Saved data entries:
◇ ◇ ◇ ◇ ◇ ◇ ◇
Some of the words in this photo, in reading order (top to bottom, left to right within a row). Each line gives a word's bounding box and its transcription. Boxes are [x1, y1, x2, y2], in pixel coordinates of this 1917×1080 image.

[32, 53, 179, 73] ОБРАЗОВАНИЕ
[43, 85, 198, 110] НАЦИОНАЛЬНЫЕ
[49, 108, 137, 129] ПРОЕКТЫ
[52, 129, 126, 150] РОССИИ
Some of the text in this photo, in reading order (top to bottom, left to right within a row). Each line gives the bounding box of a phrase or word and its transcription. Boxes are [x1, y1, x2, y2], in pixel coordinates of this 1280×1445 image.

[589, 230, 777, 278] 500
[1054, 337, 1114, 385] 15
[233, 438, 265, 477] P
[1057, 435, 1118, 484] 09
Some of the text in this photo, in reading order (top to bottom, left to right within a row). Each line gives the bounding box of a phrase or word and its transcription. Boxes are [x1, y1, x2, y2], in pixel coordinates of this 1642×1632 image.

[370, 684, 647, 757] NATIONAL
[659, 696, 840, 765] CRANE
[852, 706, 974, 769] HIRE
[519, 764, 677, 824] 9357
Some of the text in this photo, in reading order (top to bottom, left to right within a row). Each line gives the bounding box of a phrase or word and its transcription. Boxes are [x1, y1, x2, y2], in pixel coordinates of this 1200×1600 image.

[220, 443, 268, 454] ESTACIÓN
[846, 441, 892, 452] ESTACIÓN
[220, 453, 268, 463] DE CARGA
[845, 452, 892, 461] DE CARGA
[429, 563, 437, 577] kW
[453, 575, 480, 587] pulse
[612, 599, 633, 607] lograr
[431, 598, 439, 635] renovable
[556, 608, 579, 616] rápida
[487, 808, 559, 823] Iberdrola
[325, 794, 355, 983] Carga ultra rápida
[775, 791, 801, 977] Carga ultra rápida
◇ ◇ ◇ ◇ ◇ ◇ ◇
What is being asked: Every record listed above needs to be written out again exactly.

Exercise result:
Some of the words in this photo, in reading order (top to bottom, left to right within a row). Each line gives a word's bounding box and its transcription. Boxes are [x1, y1, x2, y2], in pixel coordinates of this 1917×1080 image.

[32, 53, 179, 73] ОБРАЗОВАНИЕ
[43, 85, 198, 110] НАЦИОНАЛЬНЫЕ
[49, 108, 137, 129] ПРОЕКТЫ
[52, 129, 126, 150] РОССИИ
Some of the text in this photo, in reading order (top to bottom, left to right within a row). Each line gives the bounding box of a phrase or word and its transcription. Boxes are [x1, y1, x2, y2], in pixel coordinates of this 1280×1445 image.

[589, 230, 777, 278] 500
[1054, 337, 1114, 385] 15
[233, 438, 265, 477] P
[1057, 435, 1118, 484] 09
Some of the text in this photo, in reading order (top to bottom, left to right within a row). Each line gives the bounding box of a phrase or word and its transcription. Boxes are [x1, y1, x2, y2], in pixel coordinates of this 1642×1632 image.

[370, 684, 647, 757] NATIONAL
[659, 696, 840, 765] CRANE
[852, 706, 974, 769] HIRE
[519, 764, 677, 824] 9357
Some of the text in this photo, in reading order (top to bottom, left to right within a row). Each line gives the bounding box of a phrase or word and its transcription. Boxes are [x1, y1, x2, y2], in pixel coordinates of this 1200×1600 image.

[220, 443, 268, 454] ESTACIÓN
[846, 441, 892, 452] ESTACIÓN
[220, 453, 268, 463] DE CARGA
[845, 452, 892, 461] DE CARGA
[429, 563, 437, 577] kW
[453, 575, 480, 587] pulse
[612, 599, 633, 607] lograr
[431, 598, 439, 635] renovable
[556, 608, 579, 616] rápida
[487, 808, 559, 823] Iberdrola
[325, 794, 355, 983] Carga ultra rápida
[775, 791, 801, 977] Carga ultra rápida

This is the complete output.